Year : 2012 | Volume
: 11 | Issue : 1 | Page : 10--11
Mesenteric ischemia, high altitude and Hill's criteria
Department of Surgery, Drumheller Hospital, Drumheller, AB. T0J 0Y1, Canada
Department of Surgery, Drumheller Hospital, Drumheller, AB. T0J 0Y1
|How to cite this article:|
Sanda R. Mesenteric ischemia, high altitude and Hill's criteria.Ann Afr Med 2012;11:10-11
|How to cite this URL:|
Sanda R. Mesenteric ischemia, high altitude and Hill's criteria. Ann Afr Med [serial online] 2012 [cited 2022 Aug 13 ];11:10-11
Available from: https://www.annalsafrmed.org/text.asp?2012/11/1/10/91008
Mesenteric ischemia, fortunately rare, is an emergent condition which catches most clinicians unawares and unprepared because predicting who may succumb to it and who may be spared, is an undaunting clinical task as well as a guessing game. In its chronic form, it is noted for its obscure and cryptic presentation while in its life-threatening acute form it presents with elaborate symptoms of pain accompanied by neither substantial clinical signs nor specific laboratory test results making it a frequently missed diagnosis by the unwary clinician until late in its course. In countries with advanced health systems where telemedicine and air ambulances are at the beckon of practitioners in outlying areas coupled with the ready availability of prompt endovascular options for vasodilation, thrombolysis and stenting the prognosis has been steadily improving, making extensive sacrifice of the gut less and less likely.  In the developing world, however, such luxuries (if available) are reserved for the few fortunate patients with ease of access to tertiary centers where such modalities exist. Thus, it is not surprising that data from these parts of the world show high complication and mortality rates.
The article by al-Shraim et al.  in this edition of the journal was aptly described by one reviewer as a snapshot of a lethal disease and by another as essentially a descriptive study [because] it tells us nothing new and does not identify knowledge gap to be filled. With the prominence given to the adjective "high altitude" in the title and its repeated mention in the body of the article along with the declaration of intent by the authors "to determine the risk factors…of acute occlusive mesenteric ischemia in high-altitude [area] of south-western region of Saudi Arabia," the reader is primed to expect a connection to be established between high altitude and mesenteric ischemia from their data. That was not done.
A similar observational study from a mountainous region of India concluded that spontaneous intravascular thrombosis was 30 times more common among long-term high altitude dwellers in comparison to those dwelling near sea level. 
Polycythemia, thrombocytosis, pregnancy and cirrhosis of the liver are the recognized contributing factors causing hypercoagulability and a retardation of blood velocity in the pre-hepatic visceral vessels.  It is not surprising, therefore, that the study found a preponderance of mesenteric venous thrombosis (MVT) rather than mesenteric artery thrombosis (MAT) as the most common subtype of acute mesenteric ischemia (AMI) in this locality. It is understandable that the authors want to ascribe such observation to the altitude.

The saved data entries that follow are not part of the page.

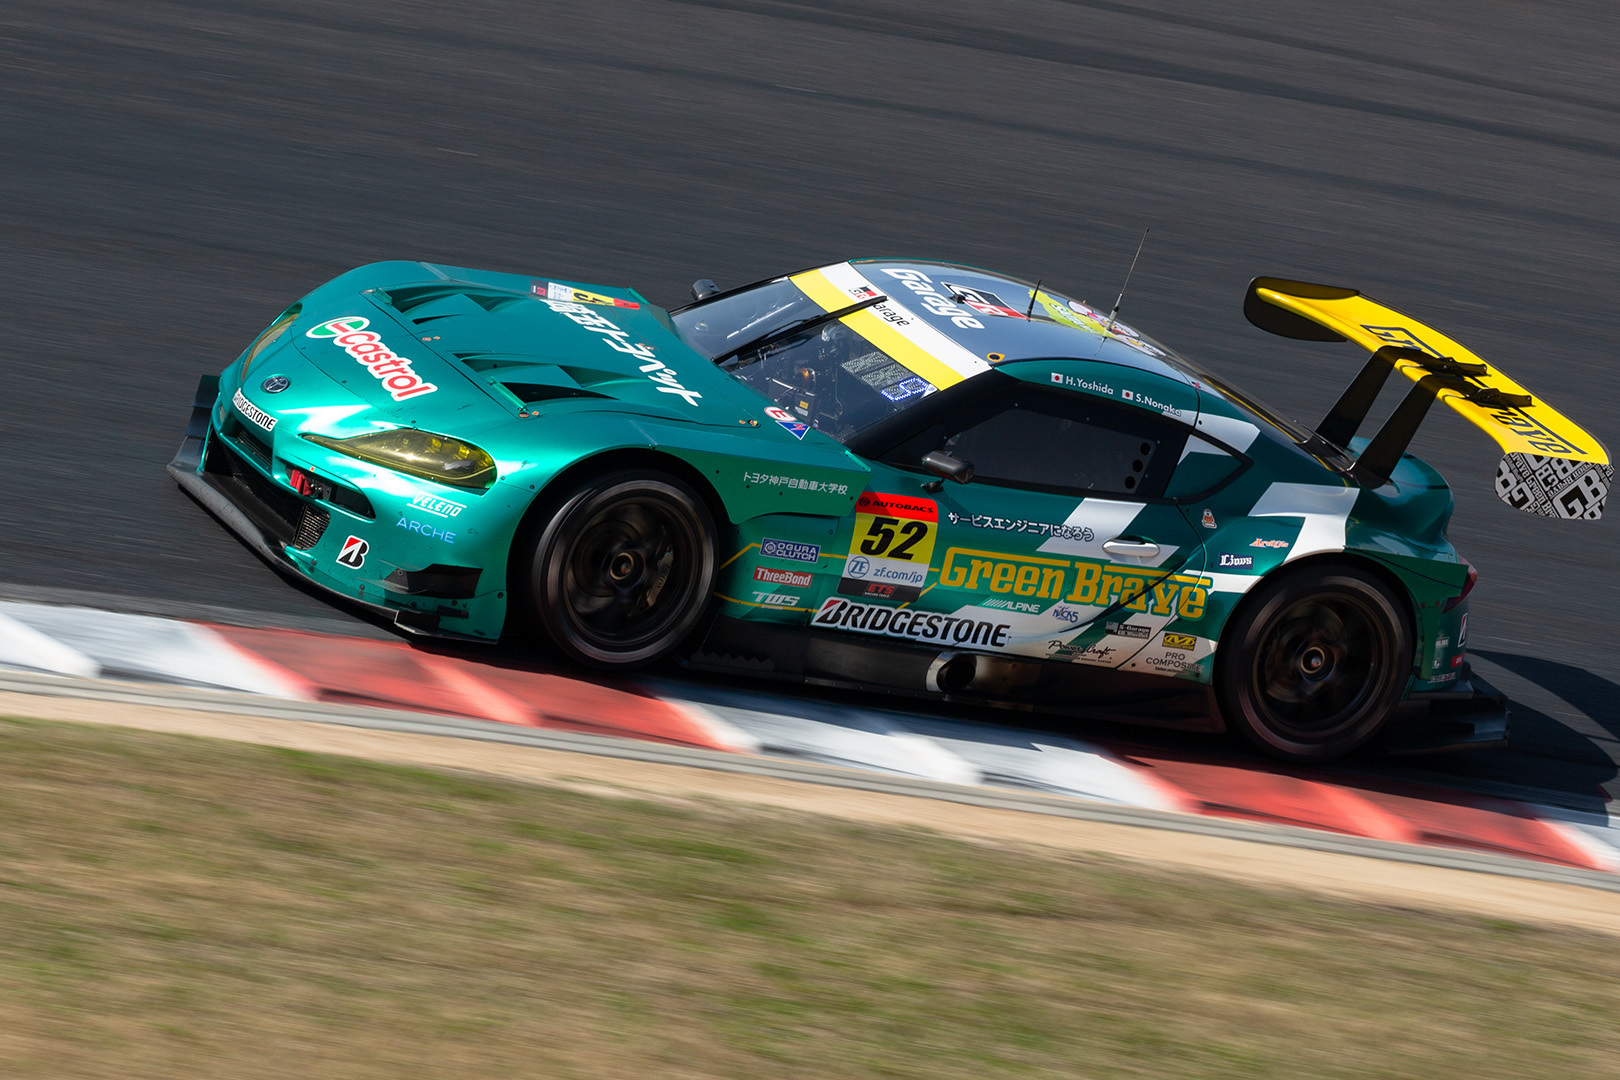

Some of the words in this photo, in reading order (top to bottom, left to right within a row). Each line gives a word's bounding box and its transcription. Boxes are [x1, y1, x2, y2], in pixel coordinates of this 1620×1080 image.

[880, 268, 985, 329] Garage
[870, 300, 910, 327] arage
[337, 332, 433, 398] Castrol
[1065, 376, 1114, 396] H.Yoshida
[1136, 393, 1182, 417] S.Nonaka
[743, 472, 848, 495] トヨタ神戸自動車大学校
[872, 500, 934, 514] AUTOBACS
[396, 517, 457, 544] ARCHE
[947, 512, 1095, 541] サービスエンジニアになろう
[860, 516, 929, 560] 52
[776, 548, 816, 561] CLUTCH
[777, 543, 817, 554] OGURA
[849, 557, 869, 576] ZF
[1220, 554, 1252, 566] Lions
[756, 567, 811, 586] ThreeBond
[873, 567, 923, 584] zf.com/jp
[939, 547, 1071, 600] Green
[1066, 561, 1211, 618] Brave
[867, 583, 896, 595] ETS
[752, 591, 801, 607] TWS
[1004, 600, 1041, 613] ALPINE
[815, 600, 1011, 647] BRIDGESTONE
[1086, 643, 1117, 660] Craft
[1165, 651, 1186, 661] PRO
[1145, 657, 1205, 673] COMPOSITE

To suggest a causative role for high altitude for AMI in this article without conducting a comparative study of the incidence of the disease in another community near sea level is to ignore Hill's criteria of causation. This set of nine criteria (strength, consistency, specificity, temporality, biological gradient, plausibility, coherence, experiment and analogy) sets the rule for causal relationship between an environmental factor (altitude in this case) and a disease (mesenteric ischemia). The author described them as "different viewpoints from all of which we should study association before we cry causation". 

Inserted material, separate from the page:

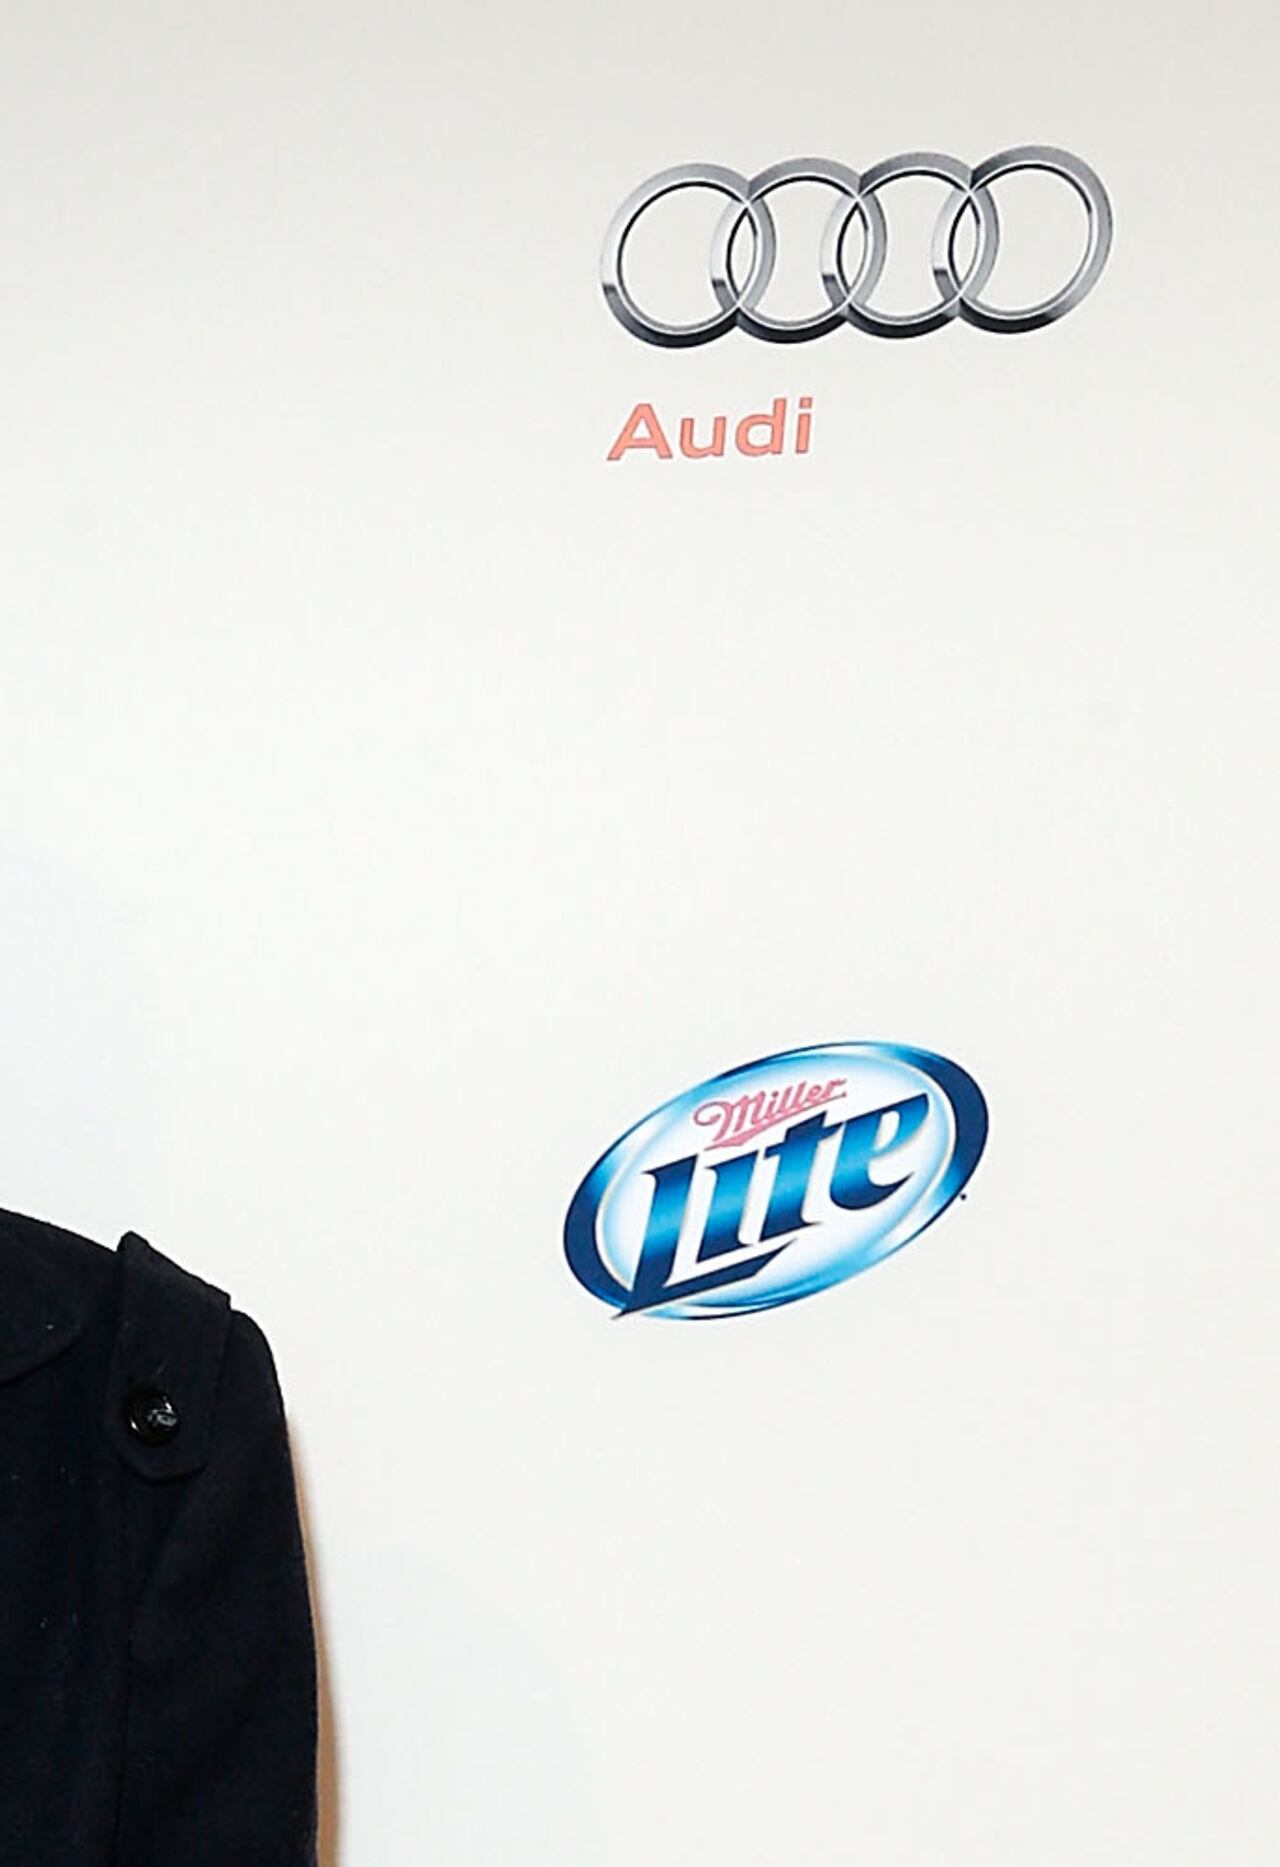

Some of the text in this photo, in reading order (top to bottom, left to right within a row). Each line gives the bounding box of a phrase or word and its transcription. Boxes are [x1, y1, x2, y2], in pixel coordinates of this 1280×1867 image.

[608, 395, 813, 461] Audi
[694, 1078, 848, 1150] Miller
[611, 1093, 928, 1320] Lite

The present authors have a duty to take this study a step beyond the findings from previous studies from this region that found significant discrepancies between highlanders and lowlanders in terms of hematocrit,  ischemic stroke,  deep vein thrombosis  and blood pressure  to actually quantifying such differences. Knowing the population of highlanders served by tertiary centers in Abha, Khamis Mushayt, al-Baha and Taif on the one hand, and the population of lowlanders served by corresponding tertiary centers in Jeddah, Makkah, Jazan and Najran, on the other, the population incidence of AMI can be calculated and compared to give statistical backbone to the perceived association between AMI and chronic hypoxia.
The finding of more cases of MVT (predominantly in younger, female patients on oral contraceptive pills) causing AMI in this population as opposed to MAT in older patients comes with an onus to intervene. A change to less thrombogenic pills or a change to other birth control methods may be appropriate for female patients with one or more risk factors for thrombosis. Relocation of residence to sea level, which in most cases in this area involves a distance of less than 50 km such as from Abha to Ad Darb or Taif to Makkah may reduce their risks to thrombosis. Unless these benefits are printed in numbers, that should have been the outcome of this study, most clinicians will remain reluctant to discuss the matter with their patients.